Helena Janečić wurde 1979 im kroatischen Osijek geboren. Bereits in ihrer Schulzeit zeichnete sie Comics für die Schülerzeitung. Dann konzentrierte sie sich auf Malerei, fand aber immer wieder zu Comics zurück. Sie studierte bis 2003 Kunst an der Furman University in Greenville, South Carolina, und erwarb 2007 einen Master an der Akademie der Bildenden Künste in Zagreb.

In ihren meist großformatigen Gemälden zeigt sie oft pastoral-idyllische Darstellungen slawischer Bäuerinnen. In ihren Comics und Comicstrips greift sie die Stilistik des amerikanischen und italienischen Mainstreams auf und bereichert damit den queeren Diskurs um einen weiteren Aspekt. Protagonist*innen ihrer Werke sind zumeist Frauen, die Selbstbewusstsein ausstrahlen und Traditionen neu definieren. Janečić setzt sich mit homosexueller Identität auseinander und zeigt offen Bilder der lesbischen Sexualität. So schuf sie eine Comic-Reihe um die Superheldin Horny Dyke, die mit ihren übernatürlichen Kräften Frauen in Schwierigkeiten hilft, sowie den Snaša-Zyklus, in dem sie die lesbische Identität im Kontext des slawischen Dorfs diskutiert. Janečić Werke sind voller Witz und verbinden ästhetische Strenge, persönliche Themen und soziale Kommentare.

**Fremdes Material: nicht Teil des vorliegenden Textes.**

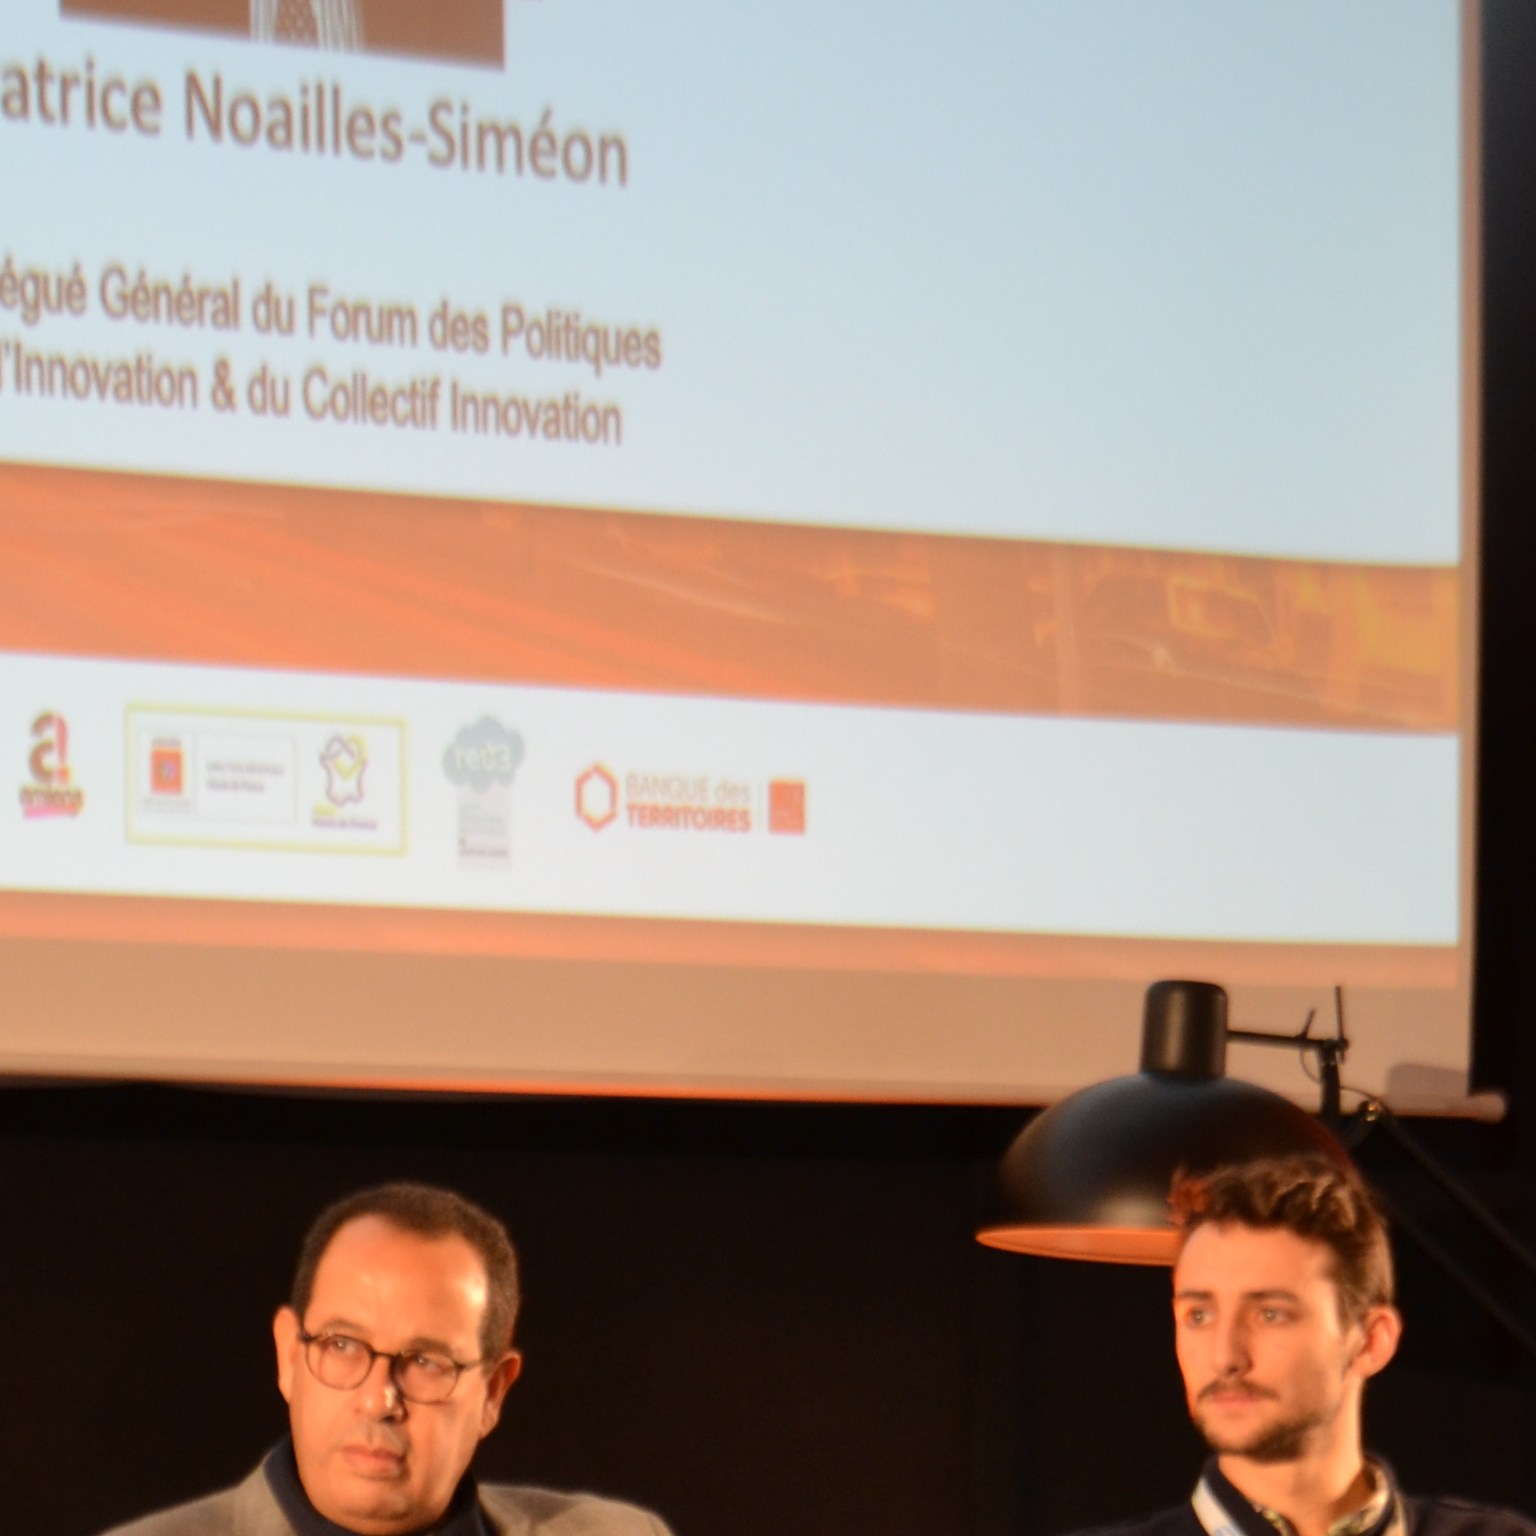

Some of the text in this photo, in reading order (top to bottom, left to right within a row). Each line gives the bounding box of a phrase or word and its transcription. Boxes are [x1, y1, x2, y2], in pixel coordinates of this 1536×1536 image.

Janečić zeigte ihre Bilder und Comics auch in zahlreichen Einzel- und Gruppenausstellungen in Kroatien und im Ausland. Einige ihrer Comics wurden aufgenommen in eine Anthologie weiblicher Comics auf dem Balkan »Ženski strip na Balkanu« (2010). Außerdem illustrierte sie das Kinderbuch »The Lion and the Gibbon« (2014) von Atakelty Hailu und das Booklet zur ersten CD des queer-feministischen Chors Le Zbor. Janečić erhielt den Ex Aequo Award auf der 20. und 23. Slavonian Biennale, ihre Werke wurden 2009 in die Kunstsammlung von Erste Group aufgenommen. Seit 2010 ist sie Mitglied im kroatischen Künstlerverband. Janečić lebt als freischaffende Malerin und Comicautorin in Zagreb, Kroatien.